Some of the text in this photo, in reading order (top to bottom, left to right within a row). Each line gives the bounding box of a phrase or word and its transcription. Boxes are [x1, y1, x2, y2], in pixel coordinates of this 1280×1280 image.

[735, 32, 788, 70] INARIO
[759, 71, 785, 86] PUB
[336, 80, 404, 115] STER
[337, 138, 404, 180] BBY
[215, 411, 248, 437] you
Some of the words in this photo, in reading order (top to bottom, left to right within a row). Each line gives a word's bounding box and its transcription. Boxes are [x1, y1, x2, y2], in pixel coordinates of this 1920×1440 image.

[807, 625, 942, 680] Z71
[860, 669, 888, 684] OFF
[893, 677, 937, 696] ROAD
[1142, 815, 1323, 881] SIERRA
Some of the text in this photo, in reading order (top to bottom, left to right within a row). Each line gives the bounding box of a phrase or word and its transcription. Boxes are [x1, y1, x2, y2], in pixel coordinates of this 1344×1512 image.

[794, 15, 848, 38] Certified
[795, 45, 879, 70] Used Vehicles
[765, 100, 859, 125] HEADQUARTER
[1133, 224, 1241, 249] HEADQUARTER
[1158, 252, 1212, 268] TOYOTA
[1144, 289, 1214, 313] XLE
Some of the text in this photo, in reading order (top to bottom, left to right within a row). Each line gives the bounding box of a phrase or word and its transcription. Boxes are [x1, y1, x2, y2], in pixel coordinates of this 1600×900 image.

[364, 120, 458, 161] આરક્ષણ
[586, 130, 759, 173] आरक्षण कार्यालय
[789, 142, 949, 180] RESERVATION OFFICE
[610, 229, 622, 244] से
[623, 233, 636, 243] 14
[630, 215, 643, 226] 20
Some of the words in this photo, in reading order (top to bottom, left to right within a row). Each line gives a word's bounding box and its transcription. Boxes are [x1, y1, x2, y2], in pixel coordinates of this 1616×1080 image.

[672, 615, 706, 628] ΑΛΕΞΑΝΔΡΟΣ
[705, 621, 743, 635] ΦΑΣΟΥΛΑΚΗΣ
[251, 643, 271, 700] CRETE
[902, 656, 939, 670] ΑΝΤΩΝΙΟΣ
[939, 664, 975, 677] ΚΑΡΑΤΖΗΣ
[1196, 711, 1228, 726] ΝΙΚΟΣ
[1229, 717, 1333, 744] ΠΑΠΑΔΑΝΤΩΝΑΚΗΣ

What you are asked to do: Nothing in the entries may change. Retype them all.

Task result:
Some of the text in this photo, in reading order (top to bottom, left to right within a row). Each line gives the bounding box of a phrase or word and its transcription. Boxes are [x1, y1, x2, y2], in pixel coordinates of this 1280×1280 image.

[735, 32, 788, 70] INARIO
[759, 71, 785, 86] PUB
[336, 80, 404, 115] STER
[337, 138, 404, 180] BBY
[215, 411, 248, 437] you
Some of the words in this photo, in reading order (top to bottom, left to right within a row). Each line gives a word's bounding box and its transcription. Boxes are [x1, y1, x2, y2], in pixel coordinates of this 1920×1440 image.

[807, 625, 942, 680] Z71
[860, 669, 888, 684] OFF
[893, 677, 937, 696] ROAD
[1142, 815, 1323, 881] SIERRA
Some of the text in this photo, in reading order (top to bottom, left to right within a row). Each line gives the bounding box of a phrase or word and its transcription. Boxes are [x1, y1, x2, y2], in pixel coordinates of this 1344×1512 image.

[794, 15, 848, 38] Certified
[795, 45, 879, 70] Used Vehicles
[765, 100, 859, 125] HEADQUARTER
[1133, 224, 1241, 249] HEADQUARTER
[1158, 252, 1212, 268] TOYOTA
[1144, 289, 1214, 313] XLE
Some of the text in this photo, in reading order (top to bottom, left to right within a row). Each line gives the bounding box of a phrase or word and its transcription. Boxes are [x1, y1, x2, y2], in pixel coordinates of this 1600×900 image.

[364, 120, 458, 161] આરક્ષણ
[586, 130, 759, 173] आरक्षण कार्यालय
[789, 142, 949, 180] RESERVATION OFFICE
[610, 229, 622, 244] से
[623, 233, 636, 243] 14
[630, 215, 643, 226] 20
Some of the words in this photo, in reading order (top to bottom, left to right within a row). Each line gives a word's bounding box and its transcription. Boxes are [x1, y1, x2, y2], in pixel coordinates of this 1616×1080 image.

[672, 615, 706, 628] ΑΛΕΞΑΝΔΡΟΣ
[705, 621, 743, 635] ΦΑΣΟΥΛΑΚΗΣ
[251, 643, 271, 700] CRETE
[902, 656, 939, 670] ΑΝΤΩΝΙΟΣ
[939, 664, 975, 677] ΚΑΡΑΤΖΗΣ
[1196, 711, 1228, 726] ΝΙΚΟΣ
[1229, 717, 1333, 744] ΠΑΠΑΔΑΝΤΩΝΑΚΗΣ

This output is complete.